Work order:
Copy nothing but the text: repeat each entry exactly and drop the images.

Source information:
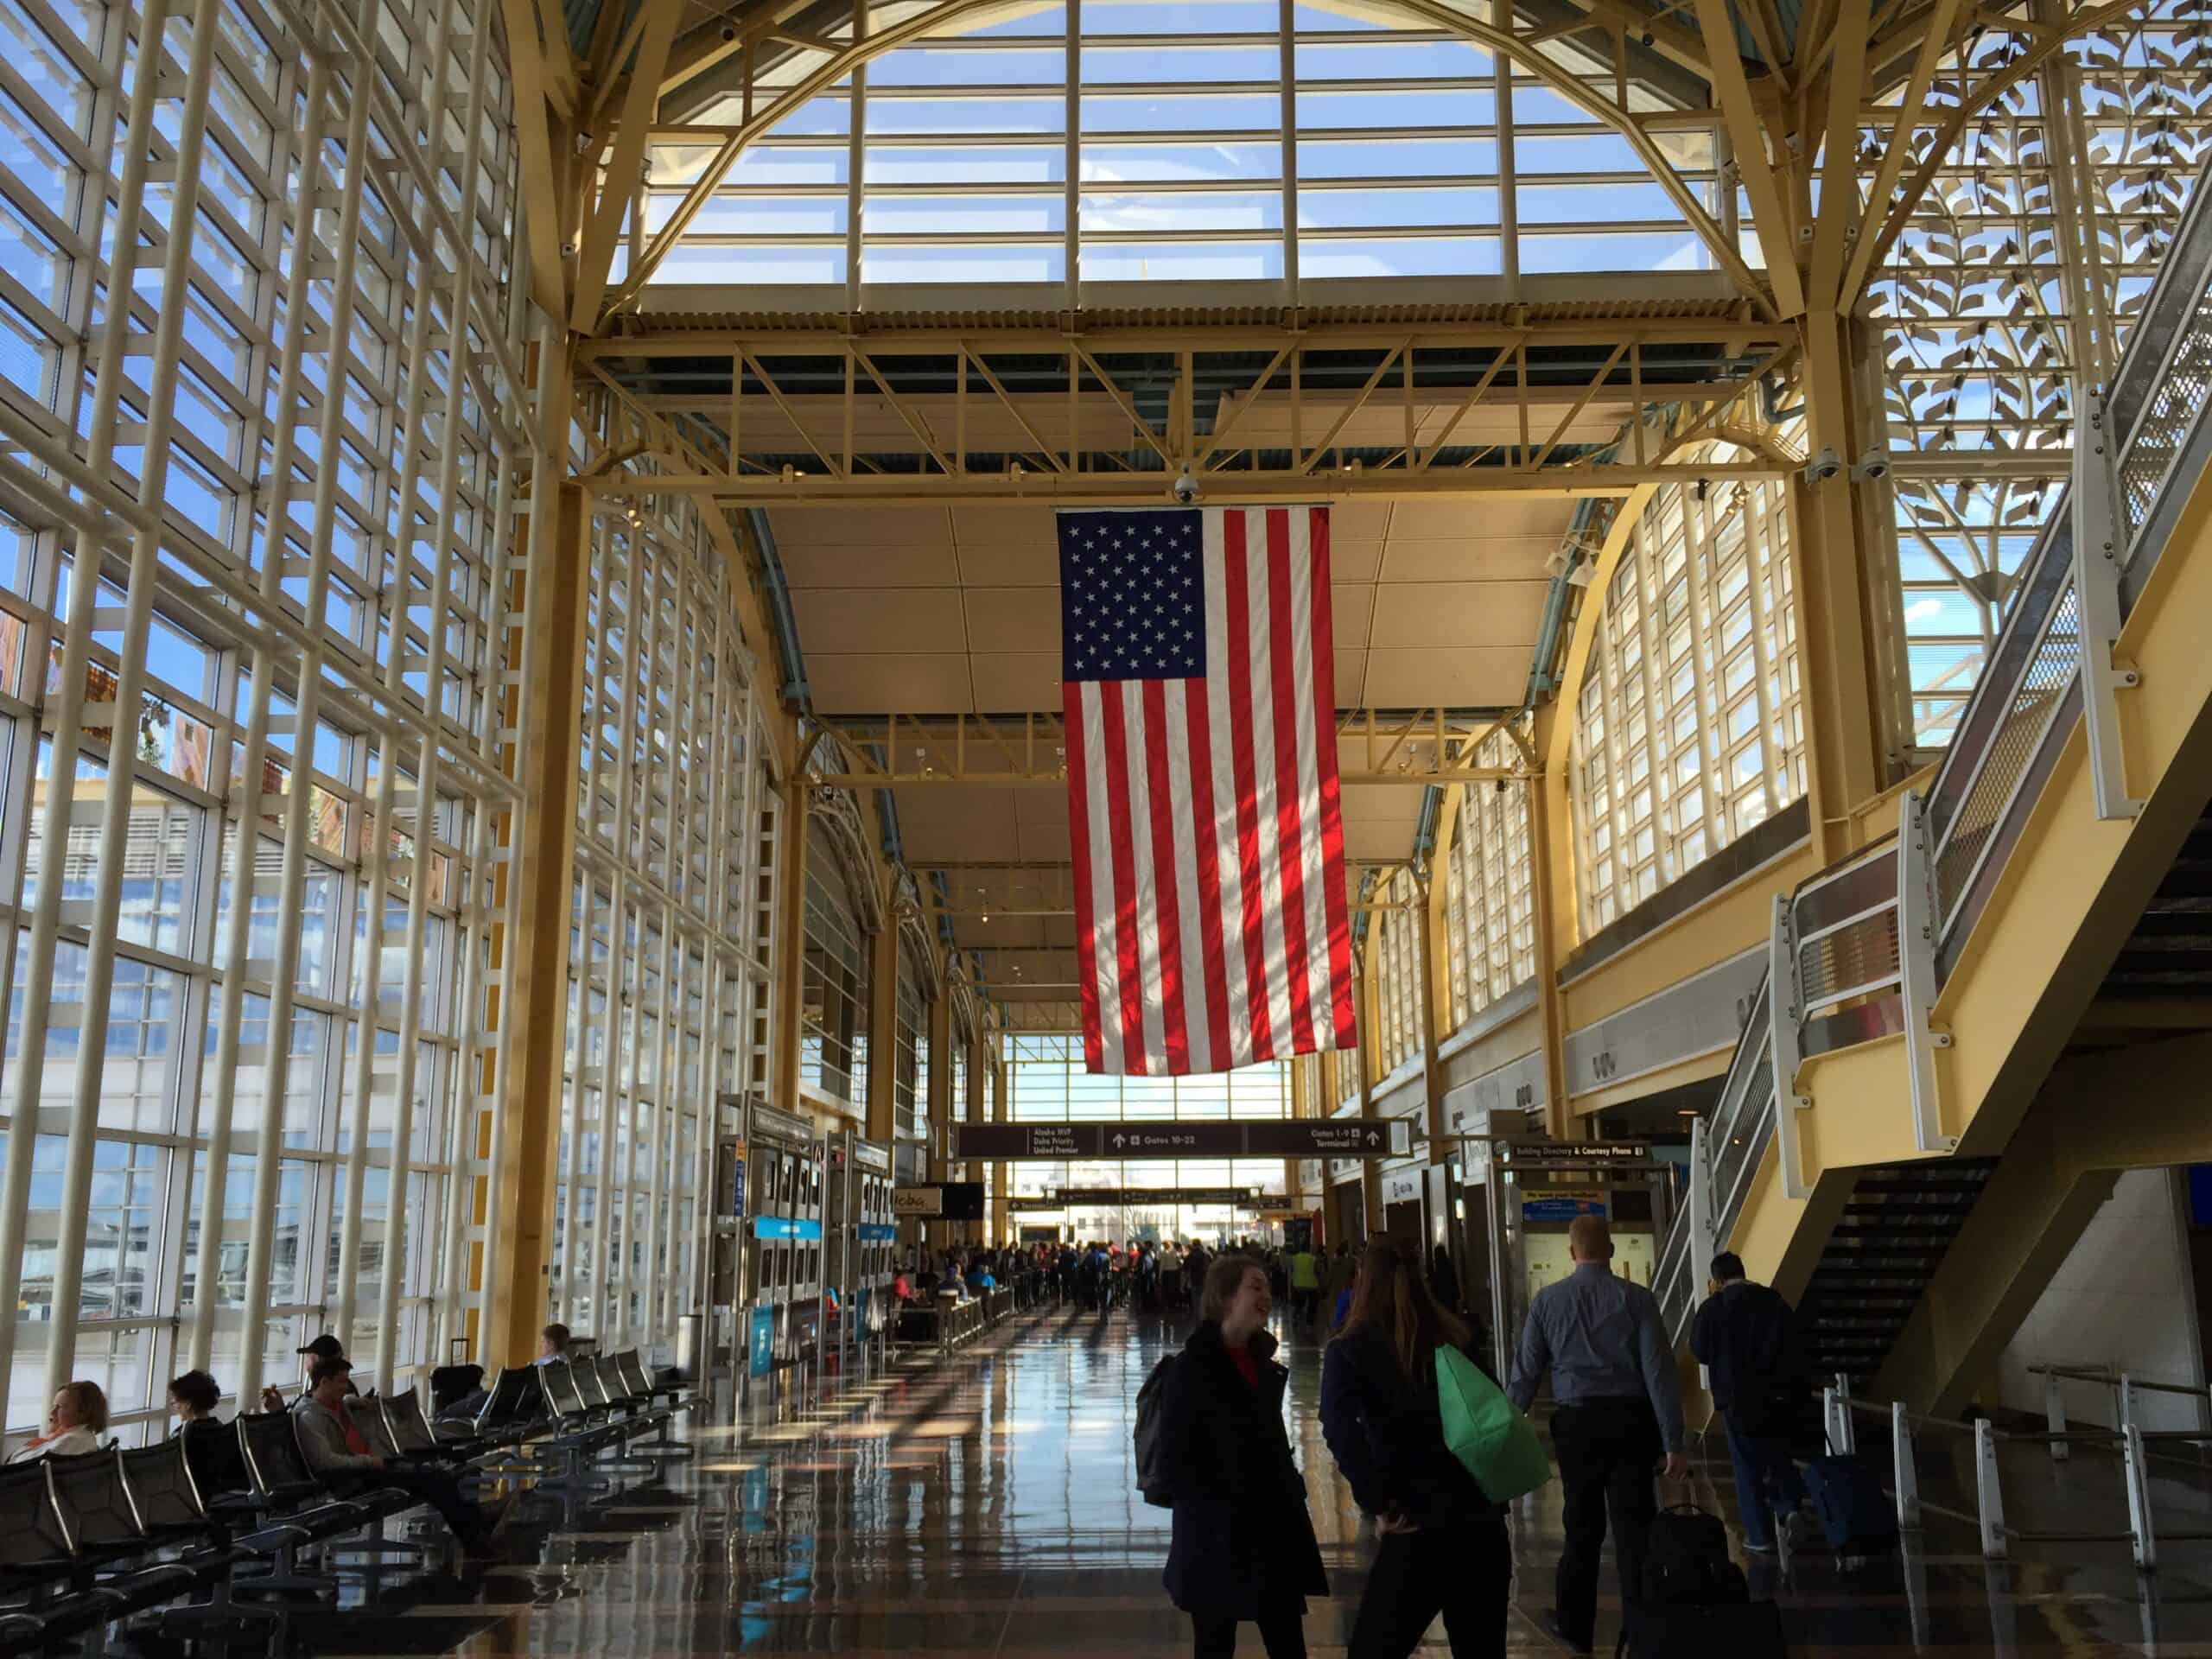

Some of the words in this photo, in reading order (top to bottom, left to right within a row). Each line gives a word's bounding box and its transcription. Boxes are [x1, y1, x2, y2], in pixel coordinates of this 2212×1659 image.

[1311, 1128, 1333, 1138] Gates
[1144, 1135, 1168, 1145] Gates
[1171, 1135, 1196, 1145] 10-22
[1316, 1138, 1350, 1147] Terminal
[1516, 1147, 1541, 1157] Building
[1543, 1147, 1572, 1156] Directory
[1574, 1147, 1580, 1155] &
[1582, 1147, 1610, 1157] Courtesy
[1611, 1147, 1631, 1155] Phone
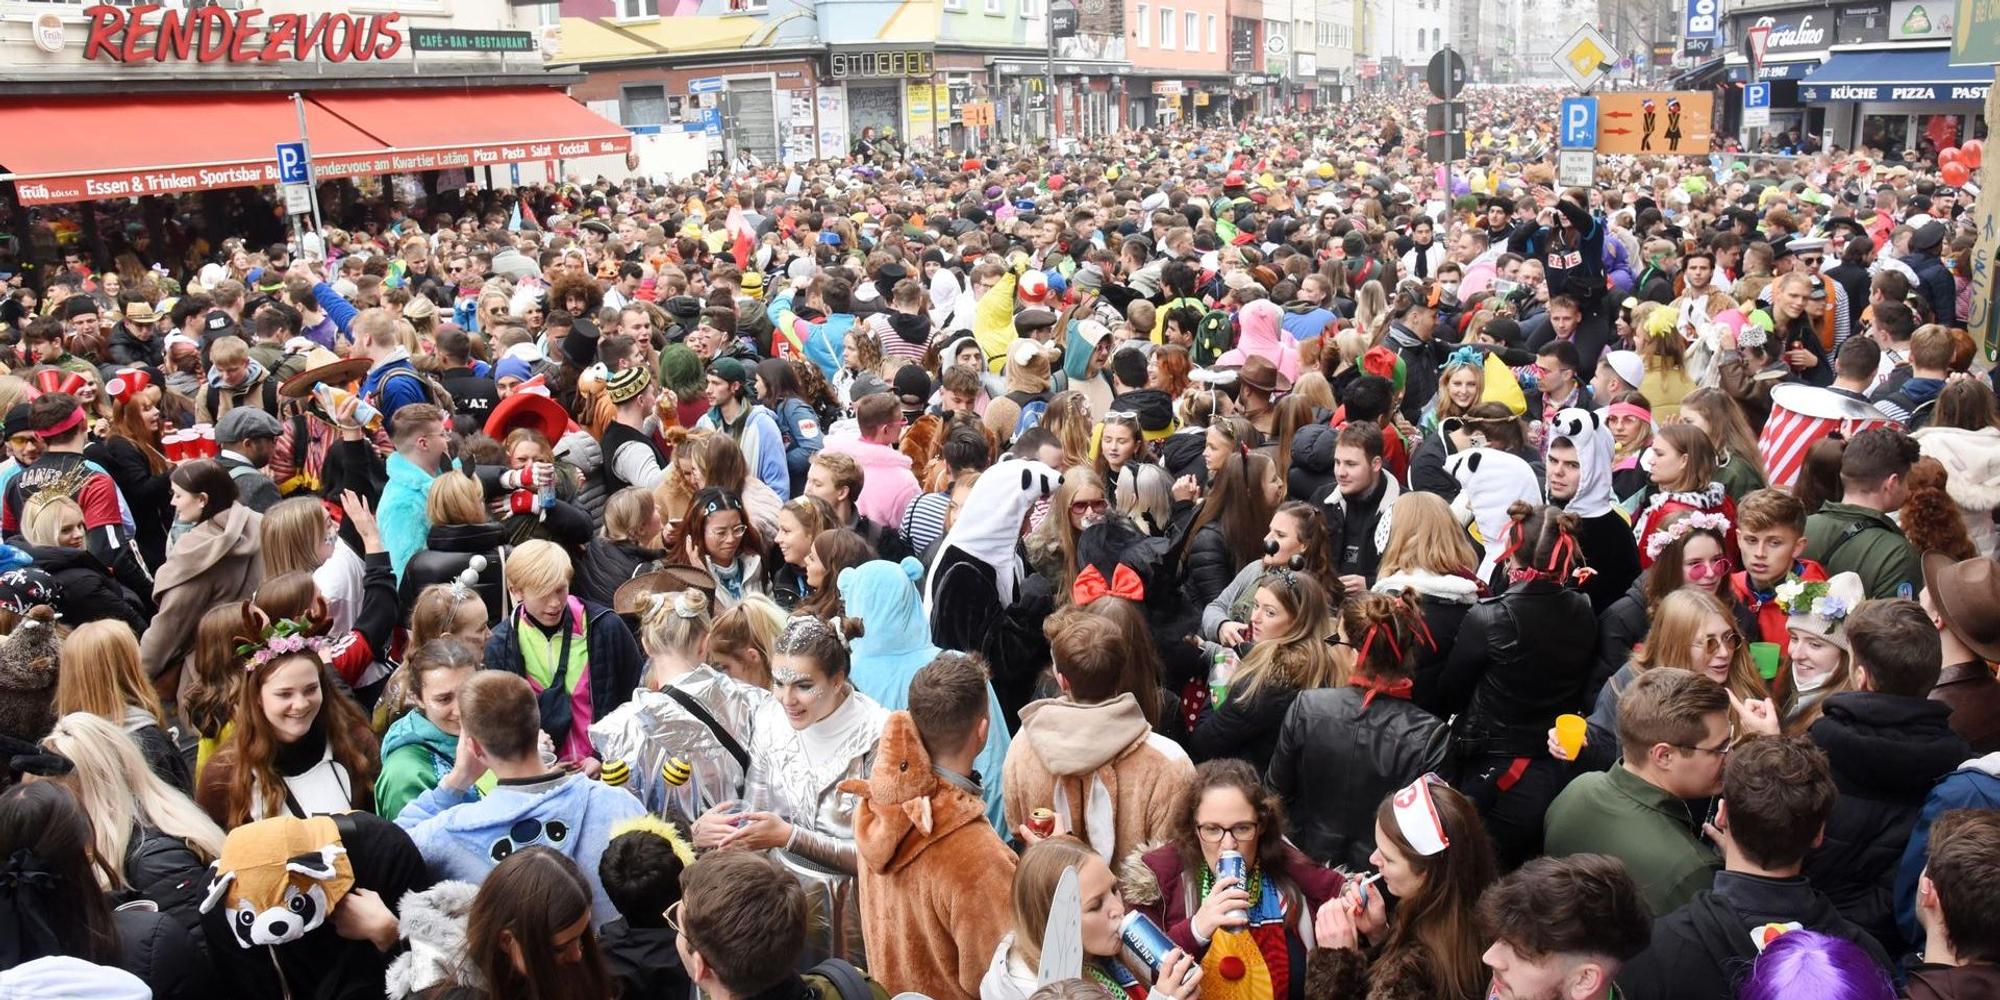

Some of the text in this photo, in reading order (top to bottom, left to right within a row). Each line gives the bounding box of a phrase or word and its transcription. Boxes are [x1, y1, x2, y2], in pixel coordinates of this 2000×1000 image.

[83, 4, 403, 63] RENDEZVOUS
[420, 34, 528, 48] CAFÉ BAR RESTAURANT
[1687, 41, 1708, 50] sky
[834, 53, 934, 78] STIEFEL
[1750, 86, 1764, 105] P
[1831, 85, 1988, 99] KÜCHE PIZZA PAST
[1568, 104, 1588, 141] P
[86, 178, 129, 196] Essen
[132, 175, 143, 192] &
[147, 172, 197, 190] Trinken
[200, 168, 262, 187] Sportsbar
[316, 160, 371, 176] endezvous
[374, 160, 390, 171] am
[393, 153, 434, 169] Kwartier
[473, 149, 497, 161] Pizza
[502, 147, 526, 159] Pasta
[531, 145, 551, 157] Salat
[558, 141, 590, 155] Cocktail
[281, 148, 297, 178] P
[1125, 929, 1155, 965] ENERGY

Exercise response:
Some of the words in this photo, in reading order (top to bottom, left to right within a row). Each line gives a word's bounding box and its transcription. Boxes are [x1, y1, x2, y2], in pixel coordinates of this 2212×1659 image.

[1311, 1128, 1333, 1138] Gates
[1144, 1135, 1168, 1145] Gates
[1171, 1135, 1196, 1145] 10-22
[1316, 1138, 1350, 1147] Terminal
[1516, 1147, 1541, 1157] Building
[1543, 1147, 1572, 1156] Directory
[1574, 1147, 1580, 1155] &
[1582, 1147, 1610, 1157] Courtesy
[1611, 1147, 1631, 1155] Phone

Some of the text in this photo, in reading order (top to bottom, left to right within a row). Each line gives the bounding box of a phrase or word and its transcription. Boxes are [x1, y1, x2, y2], in pixel coordinates of this 2000×1000 image.

[83, 4, 403, 63] RENDEZVOUS
[420, 34, 528, 48] CAFÉ BAR RESTAURANT
[1687, 41, 1708, 50] sky
[834, 53, 934, 78] STIEFEL
[1750, 86, 1764, 105] P
[1831, 85, 1988, 99] KÜCHE PIZZA PAST
[1568, 104, 1588, 141] P
[86, 178, 129, 196] Essen
[132, 175, 143, 192] &
[147, 172, 197, 190] Trinken
[200, 168, 262, 187] Sportsbar
[316, 160, 371, 176] endezvous
[374, 160, 390, 171] am
[393, 153, 434, 169] Kwartier
[473, 149, 497, 161] Pizza
[502, 147, 526, 159] Pasta
[531, 145, 551, 157] Salat
[558, 141, 590, 155] Cocktail
[281, 148, 297, 178] P
[1125, 929, 1155, 965] ENERGY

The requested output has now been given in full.